Free-text object descriptions

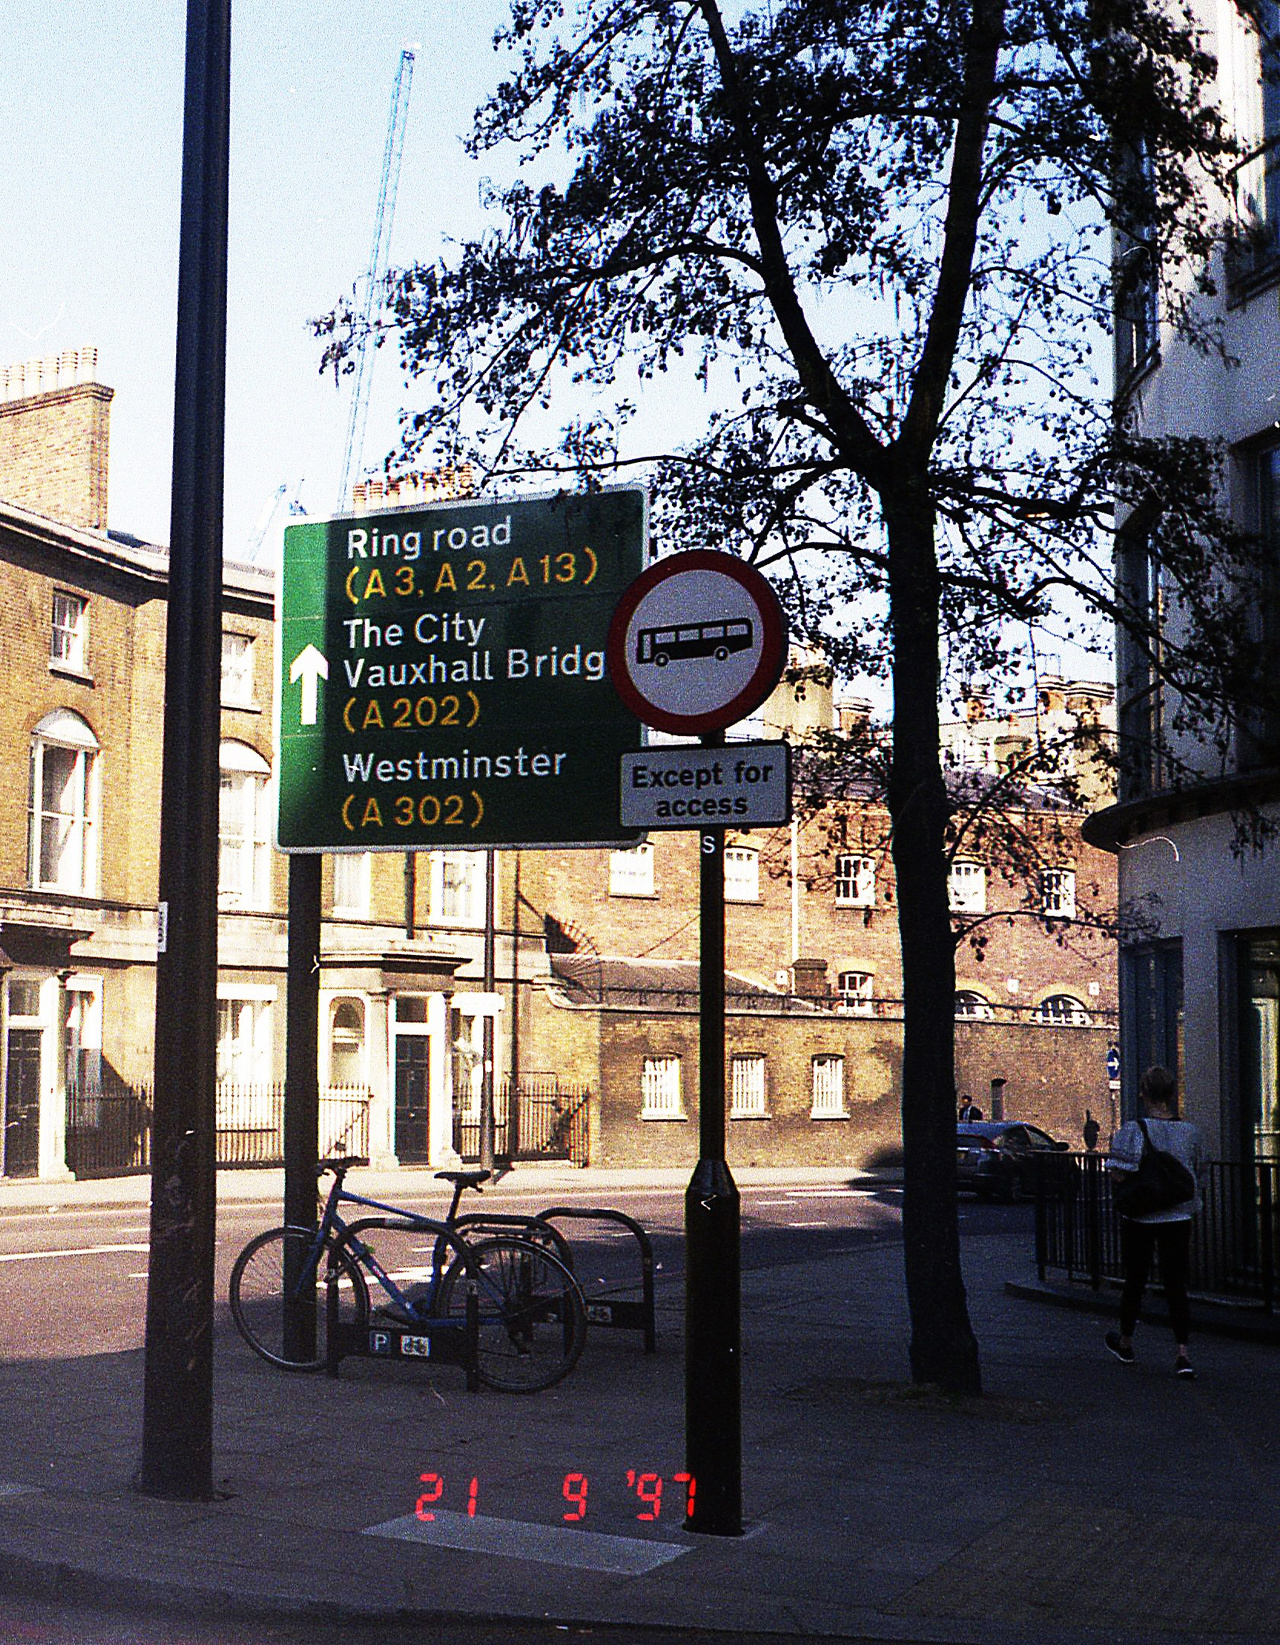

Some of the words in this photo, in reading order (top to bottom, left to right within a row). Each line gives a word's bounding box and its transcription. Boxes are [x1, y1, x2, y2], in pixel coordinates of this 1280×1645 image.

[347, 527, 421, 560] Ring
[433, 515, 512, 551] road
[343, 618, 404, 649] The
[414, 612, 486, 647] City
[343, 650, 494, 688] Vauxhall
[507, 643, 606, 681] Bridg
[342, 747, 567, 783] Westminster
[632, 762, 723, 789] Except
[734, 761, 774, 784] for
[656, 797, 749, 818] access
[375, 1333, 388, 1351] P
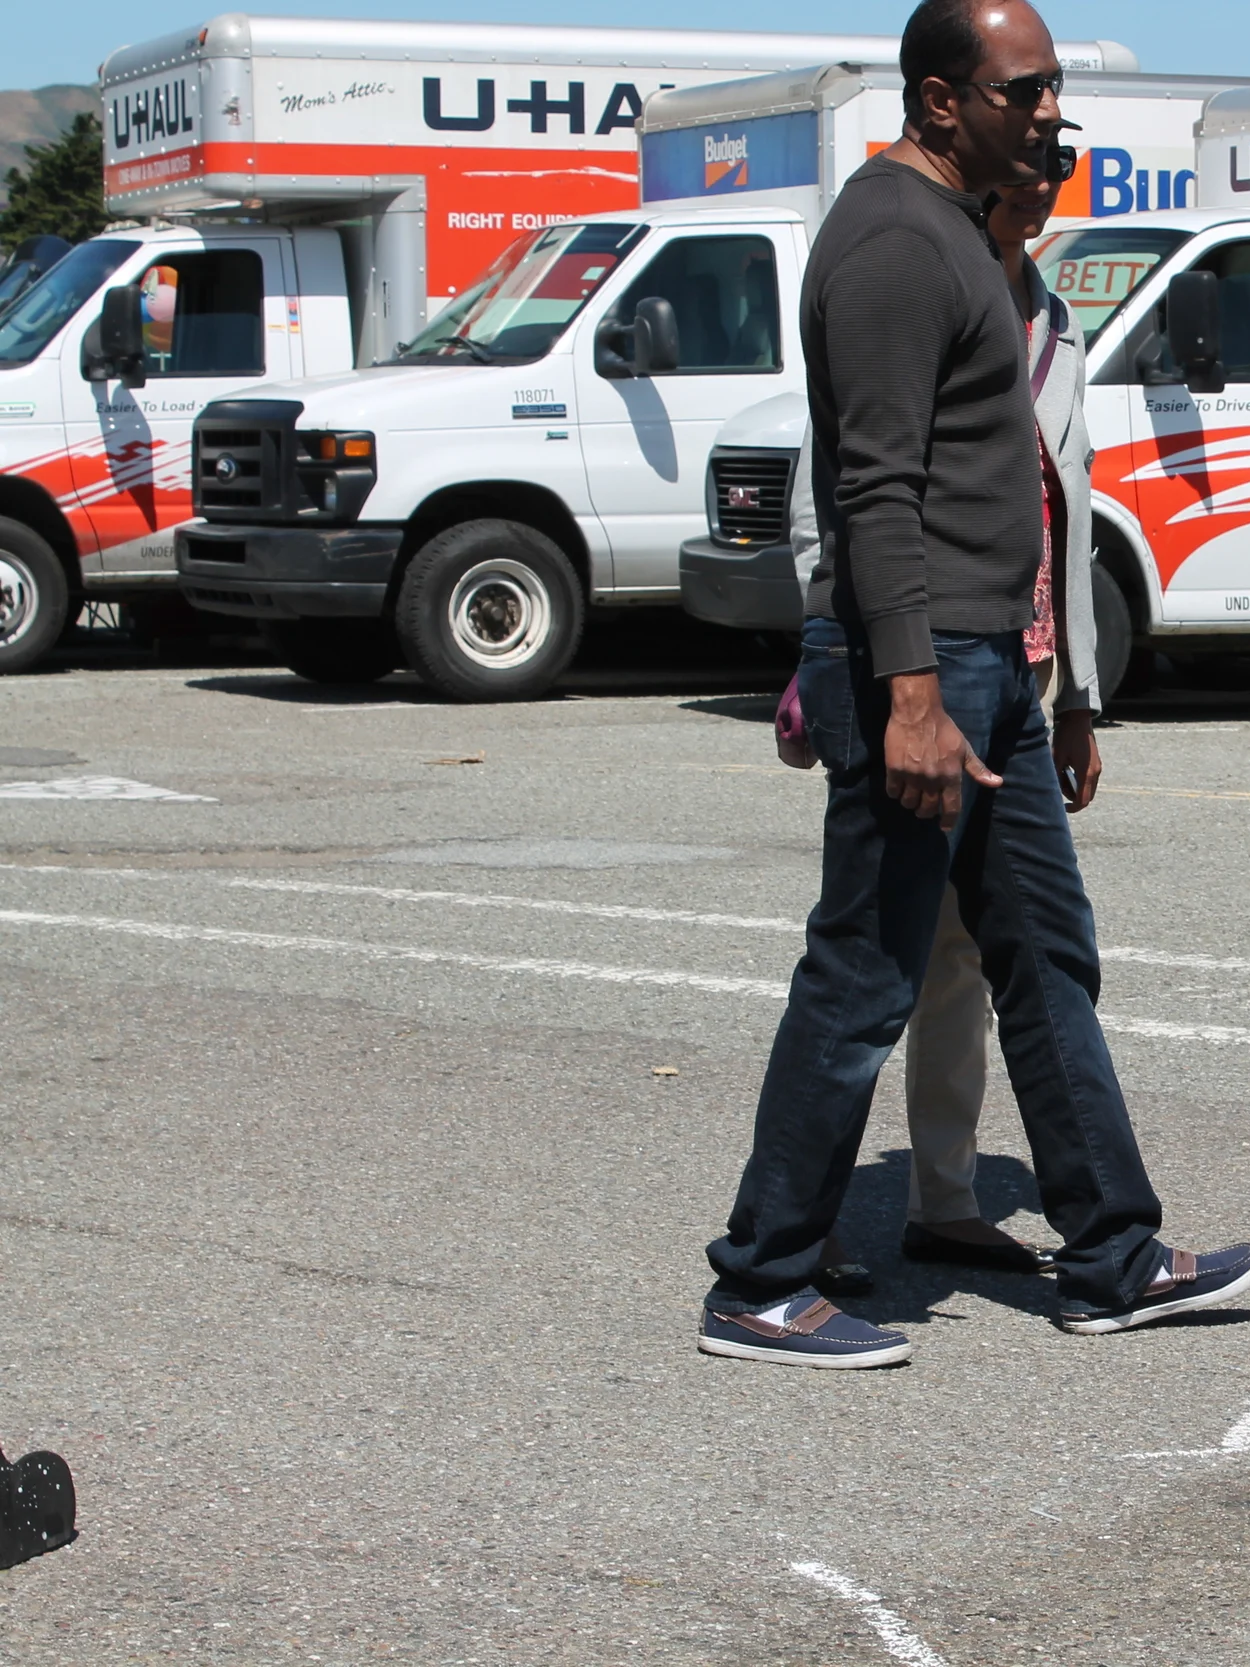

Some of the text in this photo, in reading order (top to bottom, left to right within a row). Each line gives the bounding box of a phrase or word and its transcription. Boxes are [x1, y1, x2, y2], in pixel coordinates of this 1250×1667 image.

[281, 81, 387, 113] Mom's Attic
[423, 77, 676, 135] U-HA
[113, 79, 193, 149] U-HAUL
[704, 133, 748, 167] Budget
[448, 212, 505, 229] RIGHT
[1055, 261, 1156, 294] BETT
[96, 400, 195, 414] Easier To Load
[514, 388, 555, 403] 118071
[1145, 400, 1190, 412] Easier
[1196, 400, 1210, 412] To

▸ **EXERCISE DESCRIPTION**
Write every entry out again exactly, dropping the pictures.

▸ **OUTPUT FOR THIS EXERCISE**
Some of the words in this photo, in reading order (top to bottom, left to right within a row). Each line gives a word's bounding box and its transcription. Boxes are [x1, y1, x2, y2], in pixel coordinates of this 1280×1645 image.

[347, 527, 421, 560] Ring
[433, 515, 512, 551] road
[343, 618, 404, 649] The
[414, 612, 486, 647] City
[343, 650, 494, 688] Vauxhall
[507, 643, 606, 681] Bridg
[342, 747, 567, 783] Westminster
[632, 762, 723, 789] Except
[734, 761, 774, 784] for
[656, 797, 749, 818] access
[375, 1333, 388, 1351] P

Some of the text in this photo, in reading order (top to bottom, left to right within a row). Each line gives the bounding box of a phrase or word and its transcription. Boxes are [x1, y1, x2, y2], in pixel coordinates of this 1250×1667 image.

[281, 81, 387, 113] Mom's Attic
[423, 77, 676, 135] U-HA
[113, 79, 193, 149] U-HAUL
[704, 133, 748, 167] Budget
[448, 212, 505, 229] RIGHT
[1055, 261, 1156, 294] BETT
[96, 400, 195, 414] Easier To Load
[514, 388, 555, 403] 118071
[1145, 400, 1190, 412] Easier
[1196, 400, 1210, 412] To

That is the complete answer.